# Annotated photo localization data:
• • • • •

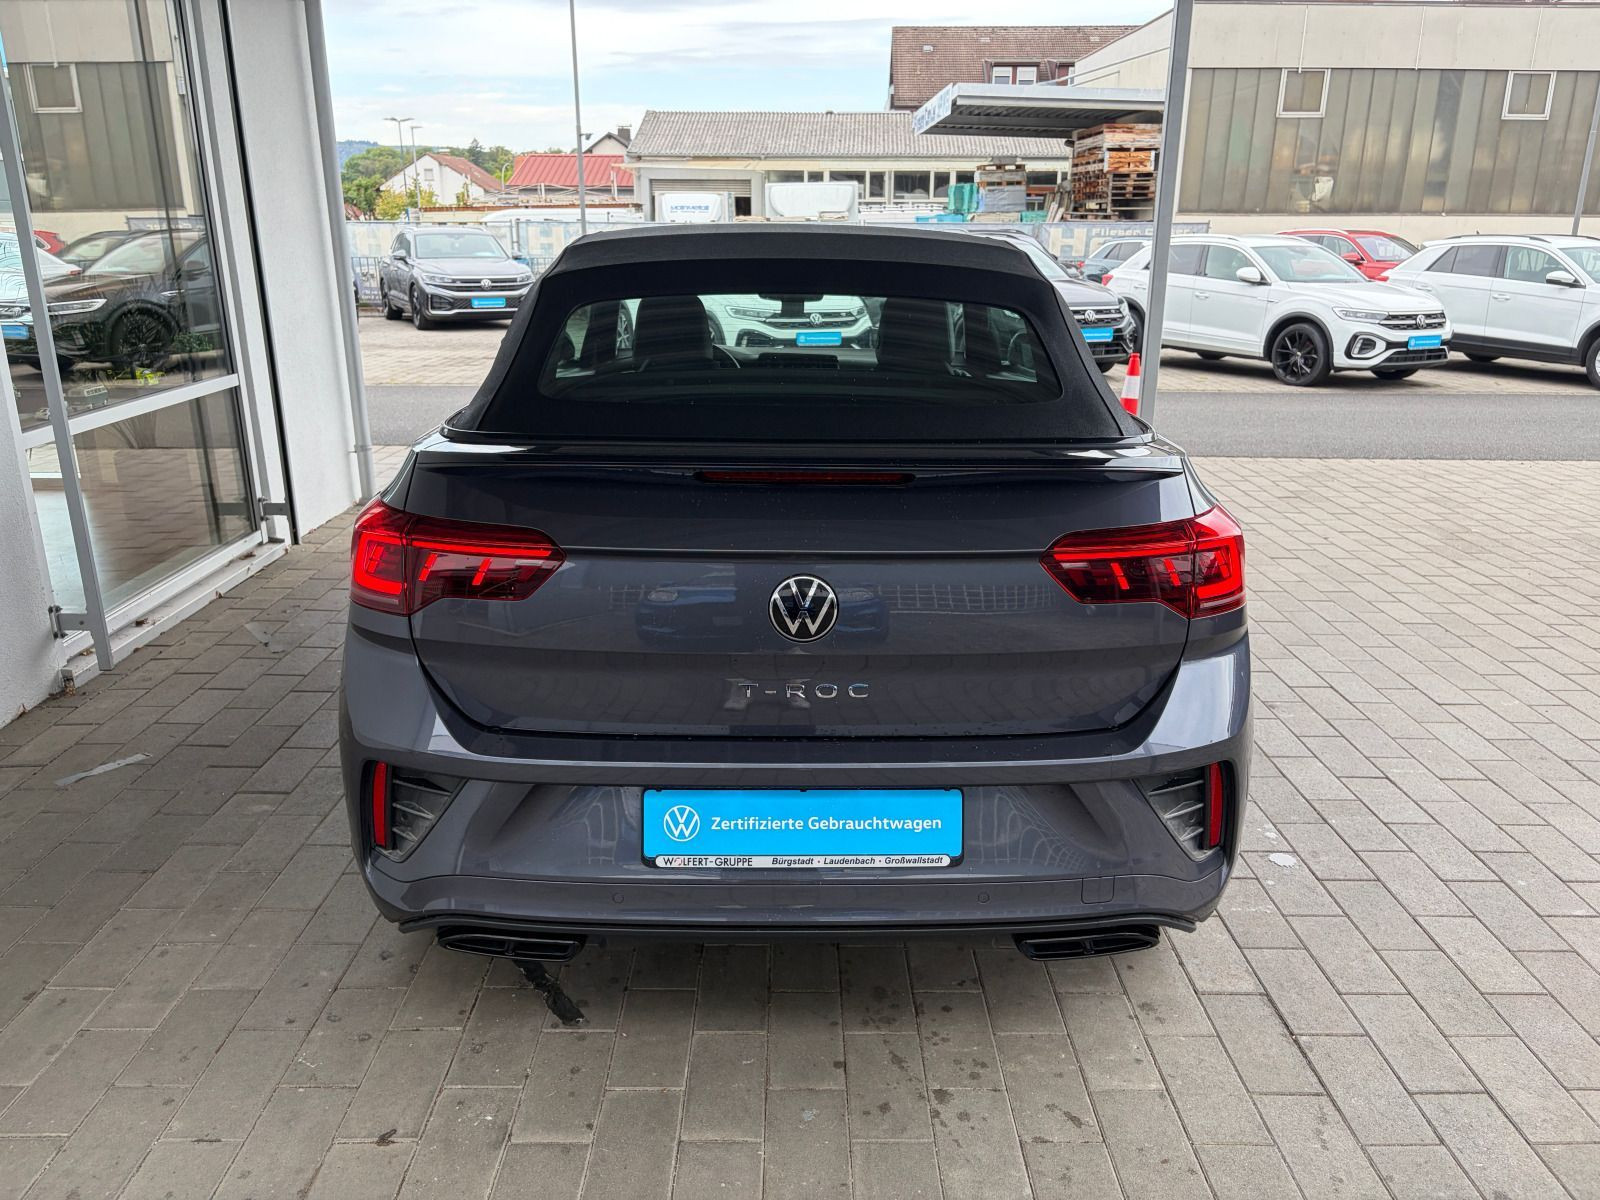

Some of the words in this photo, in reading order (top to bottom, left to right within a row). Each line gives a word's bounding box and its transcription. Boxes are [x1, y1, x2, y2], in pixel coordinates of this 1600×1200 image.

[769, 575, 838, 643] VW
[738, 683, 869, 698] T-ROC
[663, 804, 701, 842] VW
[711, 816, 804, 830] Zertifizierte
[808, 816, 942, 832] Gebrauchtwagen
[663, 857, 753, 867] WOLFERT-GRUPPE
[771, 857, 814, 867] Bürgstadt
[823, 857, 876, 865] Laudenbach
[884, 856, 944, 865] Großwallstadt

• • • • •

# WHAT NEEDS TO BE DONE:
The expected output is the full data above, reproduced exactly with no images.

# OUTPUT OF THE TASK:
Some of the words in this photo, in reading order (top to bottom, left to right within a row). Each line gives a word's bounding box and its transcription. Boxes are [x1, y1, x2, y2], in pixel coordinates of this 1600×1200 image.

[769, 575, 838, 643] VW
[738, 683, 869, 698] T-ROC
[663, 804, 701, 842] VW
[711, 816, 804, 830] Zertifizierte
[808, 816, 942, 832] Gebrauchtwagen
[663, 857, 753, 867] WOLFERT-GRUPPE
[771, 857, 814, 867] Bürgstadt
[823, 857, 876, 865] Laudenbach
[884, 856, 944, 865] Großwallstadt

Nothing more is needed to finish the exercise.